Requirement ->
Would you write out the full listing exactly, without any pictures?

Data supplied ->
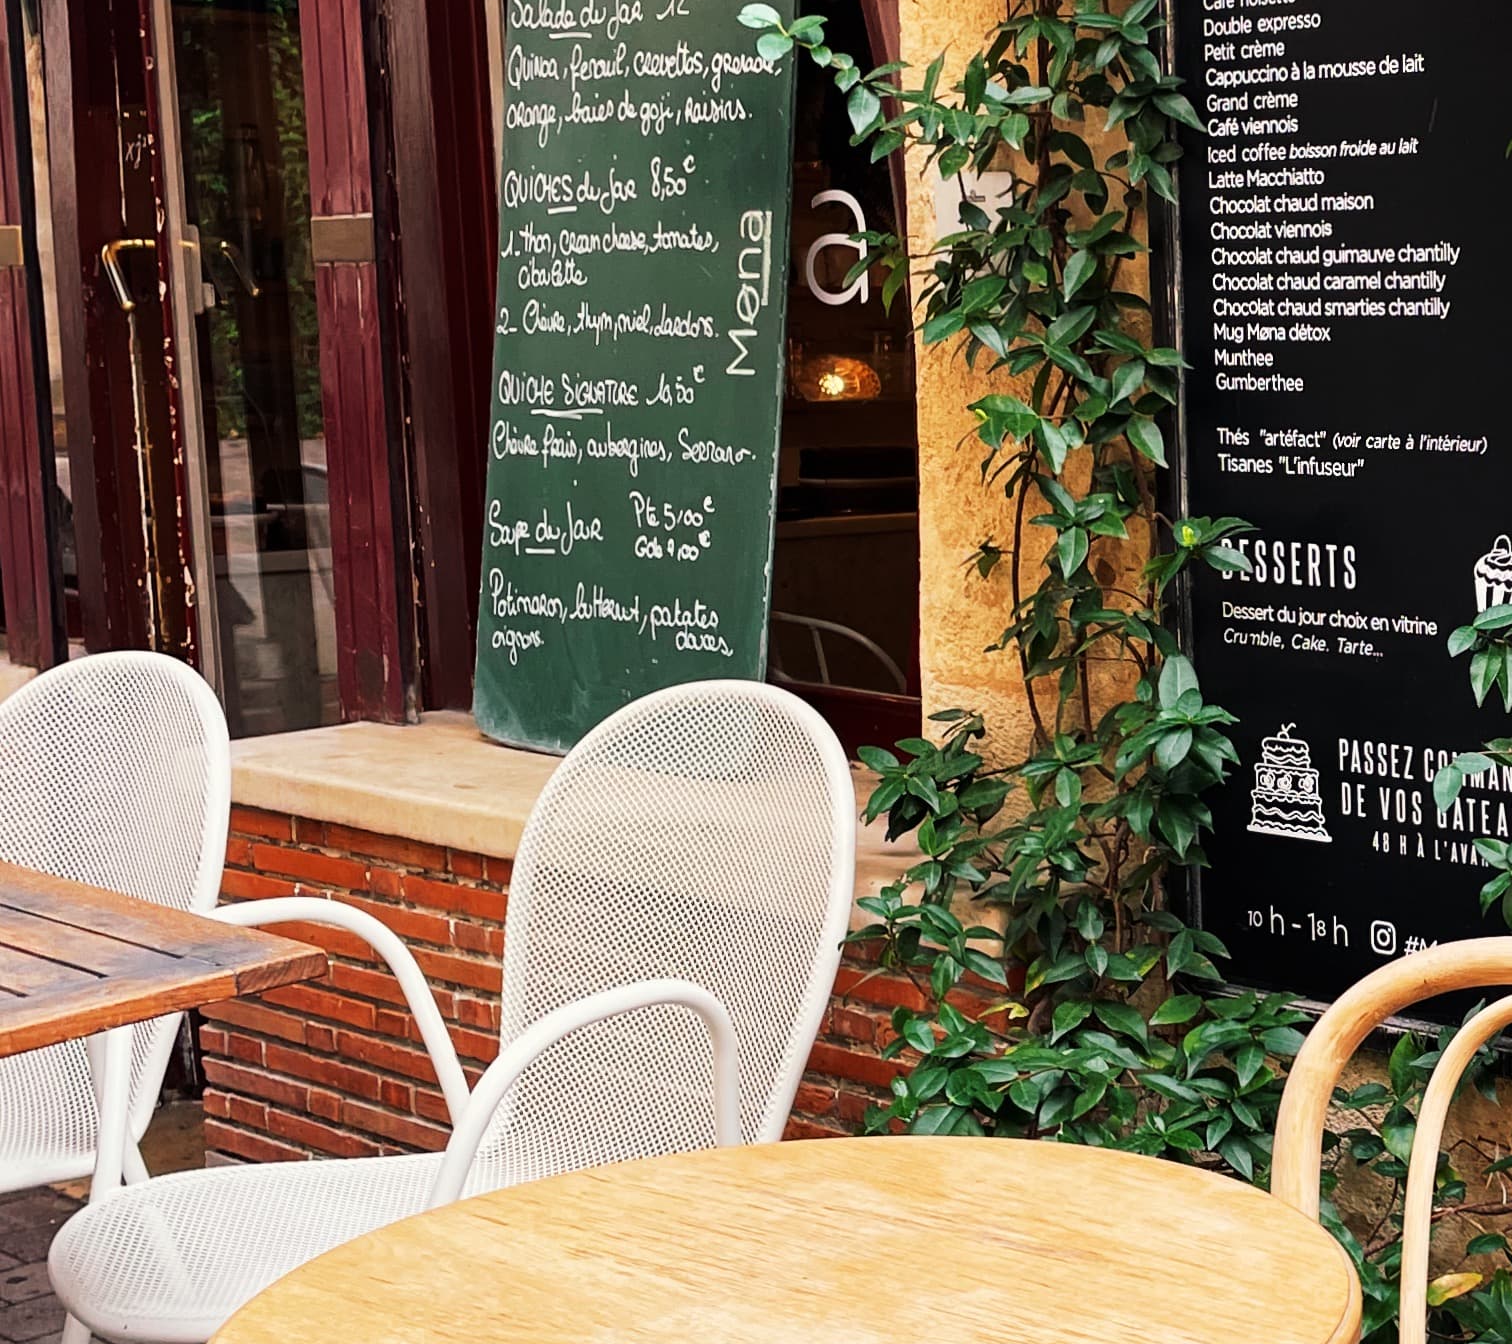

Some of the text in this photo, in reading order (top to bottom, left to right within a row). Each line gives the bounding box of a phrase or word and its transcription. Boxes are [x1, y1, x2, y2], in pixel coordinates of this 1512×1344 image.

[1202, 12, 1321, 37] Double expresso
[1203, 38, 1285, 62] Petit crème
[1204, 52, 1425, 89] Cappuccino à la mousse de lait
[1205, 90, 1299, 113] Grand crème
[1206, 113, 1299, 137] Café viennois
[1206, 141, 1287, 164] Iced coffee
[1207, 166, 1325, 189] Latte Macchiatto
[1208, 190, 1374, 215] Chocolat chaud maison
[1209, 218, 1333, 241] Chocolat viennois
[1210, 239, 1461, 267] Chocolat chaud guimauve chantilly
[1211, 269, 1446, 293] Chocolat chaud caramel chantilly
[1212, 296, 1451, 319] Chocolat chaud smarties chantilly
[1212, 321, 1244, 344] Mug
[1287, 321, 1331, 341] détox
[1213, 347, 1274, 367] Munthee
[1214, 371, 1304, 392] Gumberthee
[1215, 426, 1250, 446] Thés
[1331, 431, 1362, 450] (voir
[1364, 433, 1401, 450] carte
[1404, 432, 1414, 450] à
[1216, 452, 1274, 474] Tisanes
[1221, 600, 1438, 636] Dessert du jour choix en vitrine
[1337, 737, 1414, 780] PASSEZ
[1340, 781, 1422, 825] DE VOS
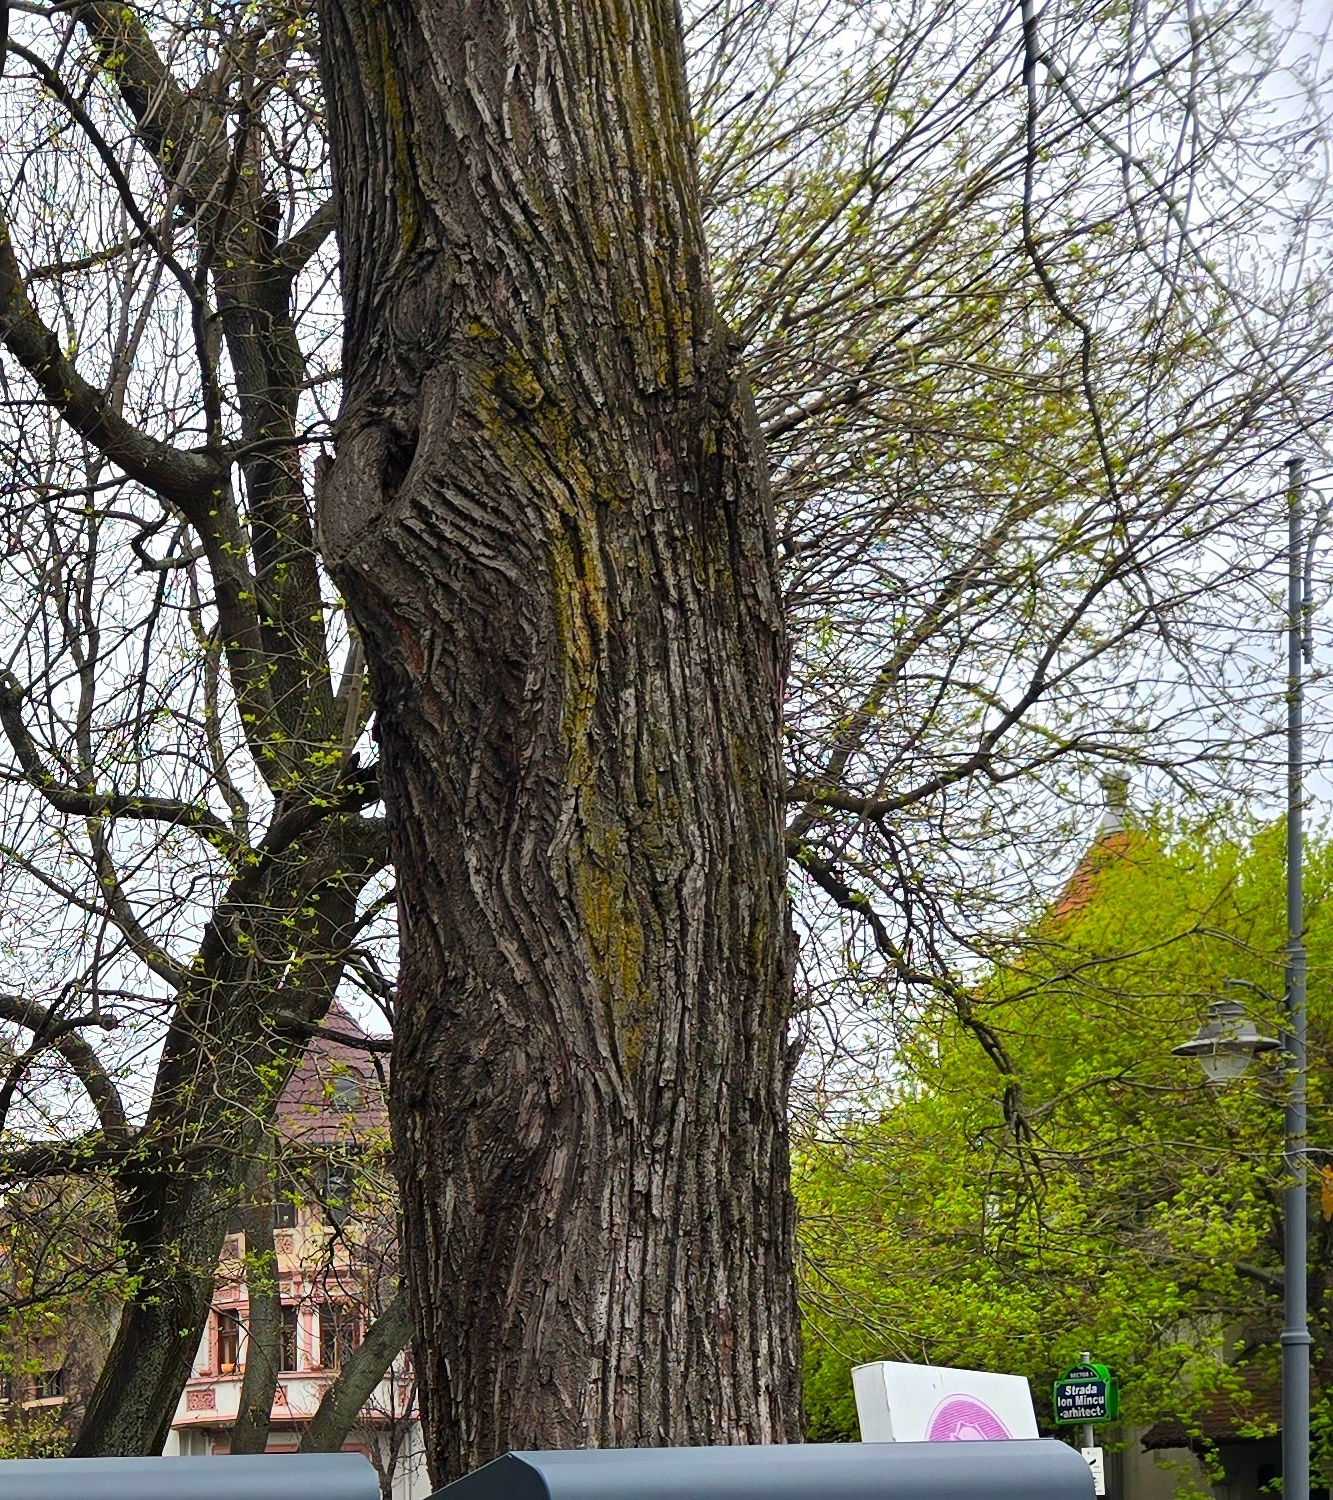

Task answer ->
Some of the text in this photo, in reading order (top to bottom, left to right within a row). Each line gives the bounding box of a phrase or word and its transcription. Boxes are [x1, y1, x2, y2], in pixel coordinates of this 1512×1344 image.

[1202, 12, 1321, 37] Double expresso
[1203, 38, 1285, 62] Petit crème
[1204, 52, 1425, 89] Cappuccino à la mousse de lait
[1205, 90, 1299, 113] Grand crème
[1206, 113, 1299, 137] Café viennois
[1206, 141, 1287, 164] Iced coffee
[1207, 166, 1325, 189] Latte Macchiatto
[1208, 190, 1374, 215] Chocolat chaud maison
[1209, 218, 1333, 241] Chocolat viennois
[1210, 239, 1461, 267] Chocolat chaud guimauve chantilly
[1211, 269, 1446, 293] Chocolat chaud caramel chantilly
[1212, 296, 1451, 319] Chocolat chaud smarties chantilly
[1212, 321, 1244, 344] Mug
[1287, 321, 1331, 341] détox
[1213, 347, 1274, 367] Munthee
[1214, 371, 1304, 392] Gumberthee
[1215, 426, 1250, 446] Thés
[1331, 431, 1362, 450] (voir
[1364, 433, 1401, 450] carte
[1404, 432, 1414, 450] à
[1216, 452, 1274, 474] Tisanes
[1221, 600, 1438, 636] Dessert du jour choix en vitrine
[1337, 737, 1414, 780] PASSEZ
[1340, 781, 1422, 825] DE VOS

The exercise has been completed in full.